IEEE Trans Syst Man Cybern B Cybern. 2011 Apr;41(2):497-506. doi: 10.1109/TSMCB.2010.2060481. Epub 2010 Aug 19.
In this paper, we propose a circular blurred shape model descriptor to deal with the problem of symbol detection and classification as a particular case of object recognition. The feature extraction is performed by capturing the spatial arrangement of significant object characteristics in a correlogram structure. The shape information from objects is shared among correlogram regions, where a prior blurring degree defines the level of distortion allowed in the symbol, making the descriptor tolerant to irregular deformations. Moreover, the descriptor is rotation invariant by definition. We validate the effectiveness of the proposed descriptor in both the multiclass symbol recognition and symbol detection domains. In order to perform the symbol detection, the descriptors are learned using a cascade of classifiers. In the case of multiclass categorization, the new feature space is learned using a set of binary classifiers which are embedded in an error-correcting output code design.

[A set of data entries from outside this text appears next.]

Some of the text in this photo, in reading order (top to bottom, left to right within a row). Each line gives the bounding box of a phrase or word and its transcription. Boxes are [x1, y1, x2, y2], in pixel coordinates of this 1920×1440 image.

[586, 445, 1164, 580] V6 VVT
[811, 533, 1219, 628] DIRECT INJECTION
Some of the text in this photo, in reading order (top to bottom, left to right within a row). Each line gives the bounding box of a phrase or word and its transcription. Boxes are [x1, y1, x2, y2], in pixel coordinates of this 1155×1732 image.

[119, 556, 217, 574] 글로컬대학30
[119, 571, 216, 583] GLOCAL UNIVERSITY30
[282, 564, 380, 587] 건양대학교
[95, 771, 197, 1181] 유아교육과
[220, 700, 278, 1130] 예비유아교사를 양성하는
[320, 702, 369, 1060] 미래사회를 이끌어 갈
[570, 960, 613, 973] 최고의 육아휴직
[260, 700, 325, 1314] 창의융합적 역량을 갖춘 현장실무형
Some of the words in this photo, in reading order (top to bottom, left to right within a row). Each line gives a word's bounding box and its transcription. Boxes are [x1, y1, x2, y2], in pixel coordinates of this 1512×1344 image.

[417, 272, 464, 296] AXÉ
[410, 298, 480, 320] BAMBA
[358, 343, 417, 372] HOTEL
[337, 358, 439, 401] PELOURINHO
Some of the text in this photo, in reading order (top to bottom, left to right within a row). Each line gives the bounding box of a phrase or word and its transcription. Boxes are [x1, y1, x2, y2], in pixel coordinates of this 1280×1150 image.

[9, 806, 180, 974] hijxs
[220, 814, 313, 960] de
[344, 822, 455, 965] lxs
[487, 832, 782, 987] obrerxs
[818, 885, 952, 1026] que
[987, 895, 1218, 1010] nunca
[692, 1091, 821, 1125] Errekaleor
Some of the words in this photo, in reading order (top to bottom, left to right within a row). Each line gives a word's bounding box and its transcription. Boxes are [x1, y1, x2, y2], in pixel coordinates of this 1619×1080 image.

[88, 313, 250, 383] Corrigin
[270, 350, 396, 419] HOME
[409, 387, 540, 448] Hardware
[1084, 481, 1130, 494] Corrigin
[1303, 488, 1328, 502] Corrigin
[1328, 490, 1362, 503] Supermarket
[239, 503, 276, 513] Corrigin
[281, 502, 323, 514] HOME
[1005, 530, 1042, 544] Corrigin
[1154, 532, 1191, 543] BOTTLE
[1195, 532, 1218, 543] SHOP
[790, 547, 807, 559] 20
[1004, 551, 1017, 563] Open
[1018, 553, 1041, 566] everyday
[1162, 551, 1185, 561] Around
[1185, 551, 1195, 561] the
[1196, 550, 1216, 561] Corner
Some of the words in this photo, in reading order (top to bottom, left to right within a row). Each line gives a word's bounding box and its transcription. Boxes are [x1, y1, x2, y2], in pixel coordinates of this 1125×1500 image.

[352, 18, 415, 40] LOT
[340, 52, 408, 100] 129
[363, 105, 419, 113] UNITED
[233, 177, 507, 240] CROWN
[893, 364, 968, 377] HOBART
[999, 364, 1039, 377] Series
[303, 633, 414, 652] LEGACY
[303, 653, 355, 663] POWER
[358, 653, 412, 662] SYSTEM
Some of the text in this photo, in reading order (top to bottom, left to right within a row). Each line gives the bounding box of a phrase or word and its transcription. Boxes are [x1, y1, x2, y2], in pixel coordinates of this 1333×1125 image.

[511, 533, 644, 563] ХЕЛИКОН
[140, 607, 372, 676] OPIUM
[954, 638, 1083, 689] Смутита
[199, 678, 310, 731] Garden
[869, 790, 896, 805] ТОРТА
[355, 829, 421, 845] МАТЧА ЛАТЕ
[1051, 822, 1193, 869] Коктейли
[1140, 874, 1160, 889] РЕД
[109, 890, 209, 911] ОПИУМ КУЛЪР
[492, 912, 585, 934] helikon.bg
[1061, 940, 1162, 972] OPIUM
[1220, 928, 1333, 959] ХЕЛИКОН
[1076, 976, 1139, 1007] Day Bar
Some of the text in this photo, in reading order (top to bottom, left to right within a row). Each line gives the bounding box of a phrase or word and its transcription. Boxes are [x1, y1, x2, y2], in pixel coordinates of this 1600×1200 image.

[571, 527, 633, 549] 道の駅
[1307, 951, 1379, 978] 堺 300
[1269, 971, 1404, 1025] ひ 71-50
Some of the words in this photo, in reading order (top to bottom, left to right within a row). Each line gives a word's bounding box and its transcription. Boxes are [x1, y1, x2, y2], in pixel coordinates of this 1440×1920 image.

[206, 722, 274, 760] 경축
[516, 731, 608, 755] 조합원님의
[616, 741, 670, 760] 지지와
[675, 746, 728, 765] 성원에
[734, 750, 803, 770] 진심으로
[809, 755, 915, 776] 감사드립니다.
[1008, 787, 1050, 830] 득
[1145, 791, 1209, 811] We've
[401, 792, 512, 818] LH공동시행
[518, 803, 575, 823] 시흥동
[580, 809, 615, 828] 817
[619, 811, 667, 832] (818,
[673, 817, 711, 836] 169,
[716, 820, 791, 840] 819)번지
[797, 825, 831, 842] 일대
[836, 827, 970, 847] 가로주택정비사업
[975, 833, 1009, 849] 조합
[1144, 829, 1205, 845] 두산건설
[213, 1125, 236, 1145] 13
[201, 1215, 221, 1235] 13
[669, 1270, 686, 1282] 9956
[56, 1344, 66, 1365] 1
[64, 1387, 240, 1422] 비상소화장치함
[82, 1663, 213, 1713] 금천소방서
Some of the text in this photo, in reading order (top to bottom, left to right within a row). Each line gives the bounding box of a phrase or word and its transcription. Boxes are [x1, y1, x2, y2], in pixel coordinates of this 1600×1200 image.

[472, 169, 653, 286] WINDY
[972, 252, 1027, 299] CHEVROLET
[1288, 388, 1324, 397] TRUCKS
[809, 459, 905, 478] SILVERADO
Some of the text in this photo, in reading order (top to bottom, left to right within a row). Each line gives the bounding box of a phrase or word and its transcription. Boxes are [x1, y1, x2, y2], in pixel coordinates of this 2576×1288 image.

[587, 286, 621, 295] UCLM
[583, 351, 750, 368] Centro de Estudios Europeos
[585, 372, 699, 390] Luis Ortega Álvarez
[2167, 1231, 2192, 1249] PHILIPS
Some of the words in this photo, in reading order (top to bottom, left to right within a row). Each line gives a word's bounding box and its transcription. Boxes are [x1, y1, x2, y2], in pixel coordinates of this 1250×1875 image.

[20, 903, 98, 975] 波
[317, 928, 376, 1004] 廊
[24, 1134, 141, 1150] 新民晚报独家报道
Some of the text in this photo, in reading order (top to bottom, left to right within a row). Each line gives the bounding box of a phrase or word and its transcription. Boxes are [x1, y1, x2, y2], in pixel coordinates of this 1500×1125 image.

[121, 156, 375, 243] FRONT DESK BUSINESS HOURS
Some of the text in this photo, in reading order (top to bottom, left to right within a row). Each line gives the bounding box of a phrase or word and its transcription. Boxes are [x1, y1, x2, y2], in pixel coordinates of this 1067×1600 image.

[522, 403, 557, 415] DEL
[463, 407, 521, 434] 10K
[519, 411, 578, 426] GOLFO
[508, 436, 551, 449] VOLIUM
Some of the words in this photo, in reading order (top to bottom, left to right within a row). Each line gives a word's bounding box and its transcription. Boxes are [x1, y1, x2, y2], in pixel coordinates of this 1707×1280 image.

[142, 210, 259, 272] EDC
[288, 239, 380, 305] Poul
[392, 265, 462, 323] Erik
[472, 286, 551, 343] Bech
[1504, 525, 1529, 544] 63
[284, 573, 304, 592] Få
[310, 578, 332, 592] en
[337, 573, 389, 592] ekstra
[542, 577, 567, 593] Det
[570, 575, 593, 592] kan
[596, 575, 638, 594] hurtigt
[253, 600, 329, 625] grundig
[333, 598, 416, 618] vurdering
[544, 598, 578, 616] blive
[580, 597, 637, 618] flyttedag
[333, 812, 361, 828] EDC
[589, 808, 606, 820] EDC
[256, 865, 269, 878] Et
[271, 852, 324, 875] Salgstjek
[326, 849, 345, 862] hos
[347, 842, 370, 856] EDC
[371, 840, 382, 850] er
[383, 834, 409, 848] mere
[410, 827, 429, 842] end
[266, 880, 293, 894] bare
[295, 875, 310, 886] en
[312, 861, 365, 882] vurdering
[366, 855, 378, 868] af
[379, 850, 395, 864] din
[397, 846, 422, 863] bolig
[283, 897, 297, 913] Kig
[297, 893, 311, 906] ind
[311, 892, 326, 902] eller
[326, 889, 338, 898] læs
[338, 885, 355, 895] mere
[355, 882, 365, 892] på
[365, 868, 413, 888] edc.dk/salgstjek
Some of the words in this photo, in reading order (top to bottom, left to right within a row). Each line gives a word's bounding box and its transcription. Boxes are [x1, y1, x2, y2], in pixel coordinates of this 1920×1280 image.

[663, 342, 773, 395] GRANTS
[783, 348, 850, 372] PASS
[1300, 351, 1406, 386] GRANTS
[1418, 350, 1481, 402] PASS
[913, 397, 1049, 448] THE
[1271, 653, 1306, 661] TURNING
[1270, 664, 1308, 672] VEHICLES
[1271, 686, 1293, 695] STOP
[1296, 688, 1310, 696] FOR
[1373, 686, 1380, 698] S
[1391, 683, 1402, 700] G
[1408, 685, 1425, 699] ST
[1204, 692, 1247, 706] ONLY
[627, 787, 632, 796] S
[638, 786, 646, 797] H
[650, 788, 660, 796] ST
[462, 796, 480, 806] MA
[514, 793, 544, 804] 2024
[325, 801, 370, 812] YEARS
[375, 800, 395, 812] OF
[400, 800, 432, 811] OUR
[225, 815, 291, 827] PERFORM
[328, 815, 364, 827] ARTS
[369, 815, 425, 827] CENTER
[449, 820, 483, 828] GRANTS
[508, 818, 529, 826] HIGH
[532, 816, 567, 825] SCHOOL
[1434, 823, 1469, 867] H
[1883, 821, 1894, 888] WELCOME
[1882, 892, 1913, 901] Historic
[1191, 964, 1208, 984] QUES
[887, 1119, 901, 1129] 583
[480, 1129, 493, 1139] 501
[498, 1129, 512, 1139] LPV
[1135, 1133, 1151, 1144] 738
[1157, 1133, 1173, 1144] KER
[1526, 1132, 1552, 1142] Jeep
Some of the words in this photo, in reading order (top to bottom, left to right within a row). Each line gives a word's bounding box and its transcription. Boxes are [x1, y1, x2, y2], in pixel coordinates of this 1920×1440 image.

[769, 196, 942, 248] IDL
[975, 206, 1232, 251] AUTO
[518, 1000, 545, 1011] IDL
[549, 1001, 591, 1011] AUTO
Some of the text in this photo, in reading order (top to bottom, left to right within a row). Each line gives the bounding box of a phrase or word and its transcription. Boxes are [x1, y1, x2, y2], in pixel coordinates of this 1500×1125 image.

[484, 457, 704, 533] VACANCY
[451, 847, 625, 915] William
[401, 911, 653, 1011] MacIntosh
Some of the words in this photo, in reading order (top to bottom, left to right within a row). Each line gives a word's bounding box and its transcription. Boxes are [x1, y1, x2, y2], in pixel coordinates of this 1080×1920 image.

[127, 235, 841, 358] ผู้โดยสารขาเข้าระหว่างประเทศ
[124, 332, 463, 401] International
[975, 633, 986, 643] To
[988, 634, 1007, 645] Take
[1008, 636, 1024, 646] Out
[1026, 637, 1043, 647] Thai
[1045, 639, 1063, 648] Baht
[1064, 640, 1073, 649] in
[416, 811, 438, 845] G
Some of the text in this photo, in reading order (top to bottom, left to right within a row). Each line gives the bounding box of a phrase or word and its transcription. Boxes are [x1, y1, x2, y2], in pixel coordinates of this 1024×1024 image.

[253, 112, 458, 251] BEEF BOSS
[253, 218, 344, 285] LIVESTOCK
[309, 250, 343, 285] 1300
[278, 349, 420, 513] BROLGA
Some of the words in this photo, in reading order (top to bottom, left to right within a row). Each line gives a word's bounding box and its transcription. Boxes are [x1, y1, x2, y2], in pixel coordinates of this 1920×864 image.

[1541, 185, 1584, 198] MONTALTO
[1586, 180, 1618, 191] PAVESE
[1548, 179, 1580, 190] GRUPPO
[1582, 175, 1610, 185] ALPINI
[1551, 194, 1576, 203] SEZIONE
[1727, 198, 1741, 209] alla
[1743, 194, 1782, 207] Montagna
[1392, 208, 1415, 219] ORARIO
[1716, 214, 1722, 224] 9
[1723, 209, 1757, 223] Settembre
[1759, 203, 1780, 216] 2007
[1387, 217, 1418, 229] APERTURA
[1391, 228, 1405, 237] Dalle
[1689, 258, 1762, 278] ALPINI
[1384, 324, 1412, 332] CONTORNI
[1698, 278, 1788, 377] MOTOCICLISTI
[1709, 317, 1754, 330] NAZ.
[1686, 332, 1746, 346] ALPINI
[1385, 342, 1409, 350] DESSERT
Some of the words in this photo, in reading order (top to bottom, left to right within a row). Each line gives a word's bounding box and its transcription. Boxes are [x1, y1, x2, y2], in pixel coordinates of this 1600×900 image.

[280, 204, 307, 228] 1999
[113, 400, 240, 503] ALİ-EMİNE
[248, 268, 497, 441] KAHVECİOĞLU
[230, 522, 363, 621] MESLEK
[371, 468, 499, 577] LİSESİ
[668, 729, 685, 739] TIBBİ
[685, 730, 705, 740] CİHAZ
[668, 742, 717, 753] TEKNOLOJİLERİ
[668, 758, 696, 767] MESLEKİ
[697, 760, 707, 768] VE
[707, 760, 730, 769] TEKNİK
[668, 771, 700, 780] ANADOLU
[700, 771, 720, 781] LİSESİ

The results over four symbol data sets show the significant improvements of the proposed descriptor compared to the state-of-the-art descriptors. In particular, the results are even more significant in those cases where the symbols suffer from elastic deformations.
在本文中,我们提出一种圆形模糊形状模型描述符,作为目标识别的一个特殊案例来处理符号检测与分类问题。特征提取通过在相关图结构中捕获重要目标特征的空间排列来执行。来自目标的形状信息在相关图区域之间共享,其中预先设定的模糊程度定义了符号中允许的失真水平,使得该描述符能够容忍不规则变形。此外,该描述符在定义上是旋转不变的。我们在多类符号识别和符号检测领域中验证了所提出描述符的有效性。为了执行符号检测,使用级联分类器来学习描述符。在多类分类的情况下,使用一组嵌入纠错输出码设计中的二元分类器来学习新的特征空间。在四个符号数据集上的结果表明,与现有描述符相比,所提出的描述符有显著改进。特别是,在符号遭受弹性变形的情况下,结果更为显著。